Assignment 6: Open and available.
Quiz 6: To be posted today, covering concepts from Friday.
Exam 1 Grading: Expected by end of the week.
Next Lecture: Variations of Diels-Alder reactions; bring model kits to class.

Main Topic: Mechanism for halogenation and halohydrins in conjugated dienes.
Molecular Orbital Description: Dienes behave differently when conjugated.
- Applies to trienes, tetraenes, etc.
- Related to UV-Vis Spectroscopy.
Key Reaction: Diels-Alder Cycloaddition.

Reaction coordinate diagram:
- Thermodynamic Product: More stable, iodine adds to end carbon.
- Kinetic Product: Less stable, partial positive charge in more substituted position.
1,2 vs. 1,4 Addition: Kinetic vs. thermodynamic products.

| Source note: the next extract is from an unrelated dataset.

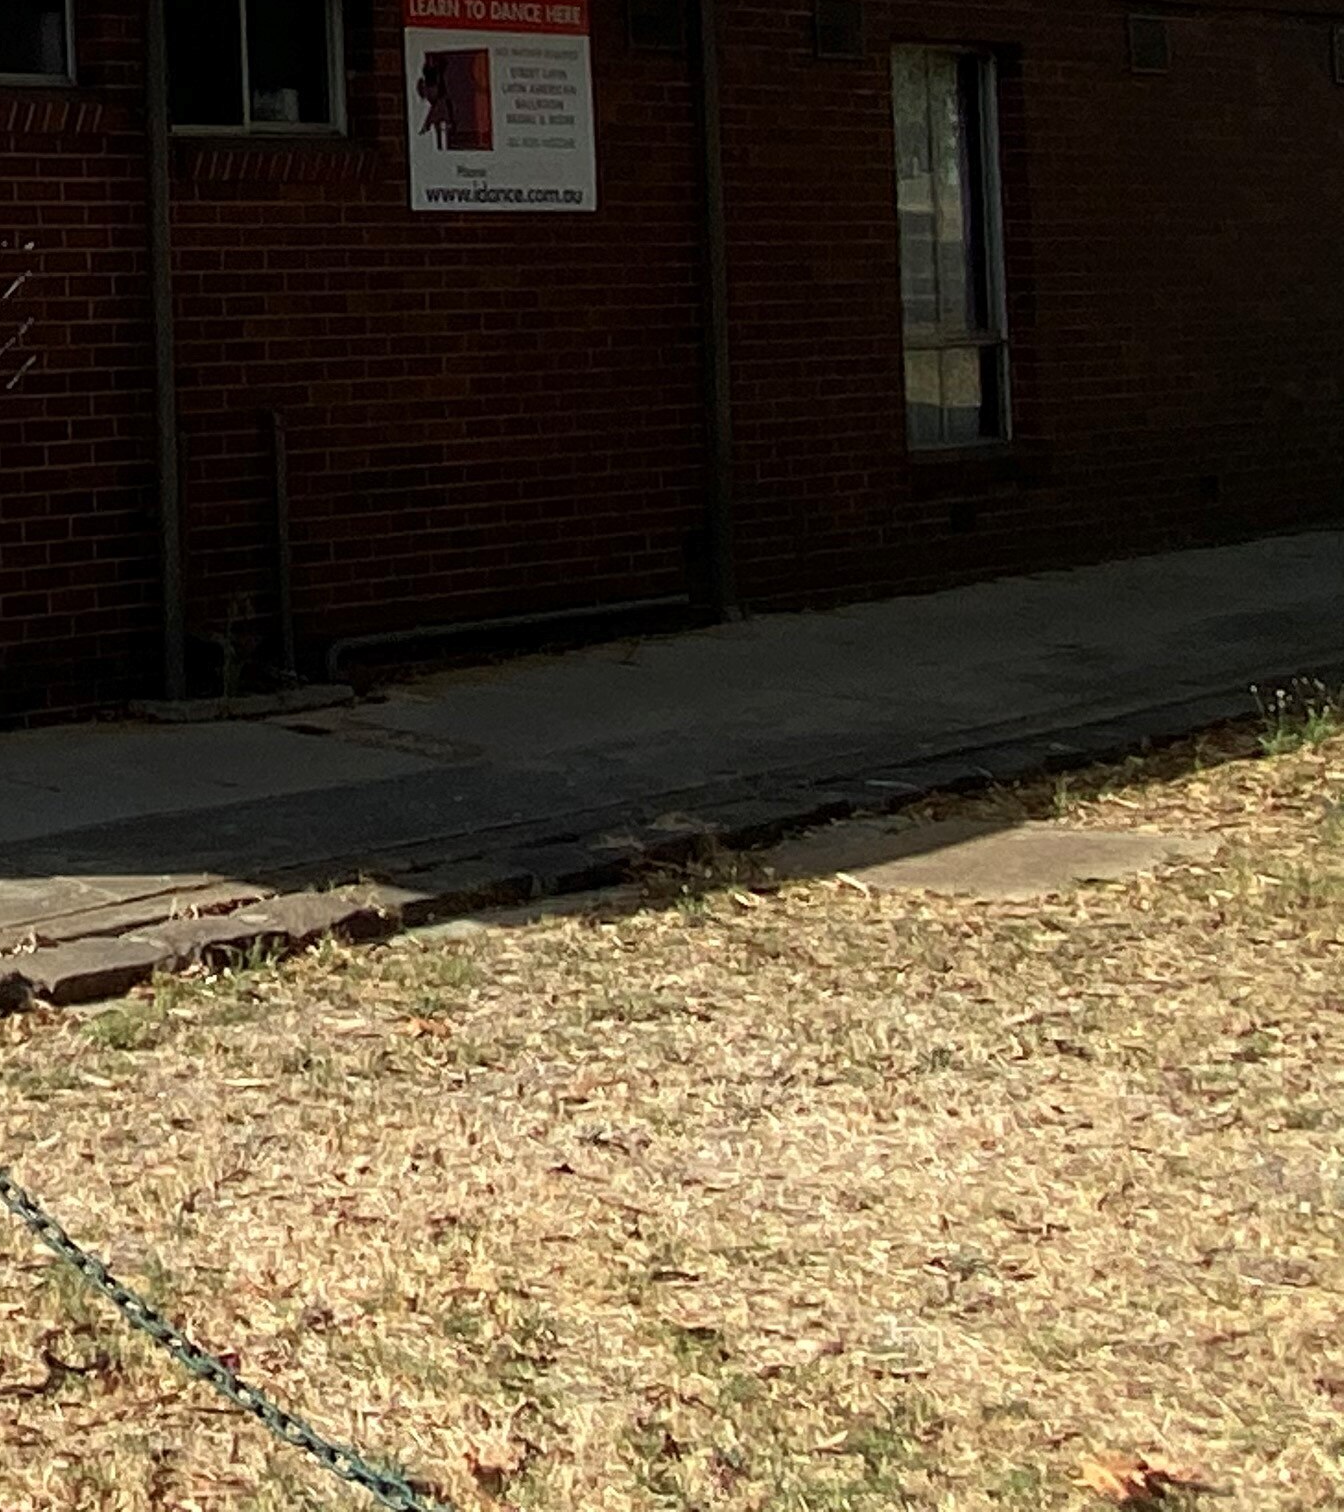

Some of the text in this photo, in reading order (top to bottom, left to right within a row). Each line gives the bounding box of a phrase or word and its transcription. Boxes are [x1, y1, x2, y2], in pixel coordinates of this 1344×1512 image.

[465, 0, 487, 19] TO
[490, 1, 542, 24] DANCE
[546, 3, 581, 25] HERE
[425, 180, 584, 205] www.idance.com.au

Conjugated Pi System: Halogenation leads to 1,2 or 1,4 products.
Mechanism:
- Starts with bromination of 1,3-butadiene.
- Formation of bromonium ion.
- Allylic cation formation.
- Ends with halide ion or water addition (halohydrin formation).

Conjugated Pi Systems: More stable than other pi systems.
Bond Lengths: Single bonds in conjugated systems are shorter.
- SP2 Hybridization: Shorter, fatter than SP3.
Molecular Orbitals (MOs): Constructive and destructive overlap leads to bonding and antibonding orbitals.
- Phase: In-phase (bonding), out-of-phase (antibonding).
- Population of MOs: Start with lower energy orbitals.
HOMO and LUMO: Highest occupied and lowest unoccupied molecular orbitals.

Energy Levels: Related to HOMO-LUMO gap.
Conjugation and Wavelength: More conjugation lowers energy gap.
Lambda Max: Indicates maximum absorbance.
- Carotene and Lycopene: Examples showing visible color changes.

Topic: Pericyclic reactions, specifically Diels-Alder reaction.
Mechanism: Involves orbital overlap, no typical electrophiles or nucleophiles.

Bring molecular model kits to next class for visualizing three-dimensional structures.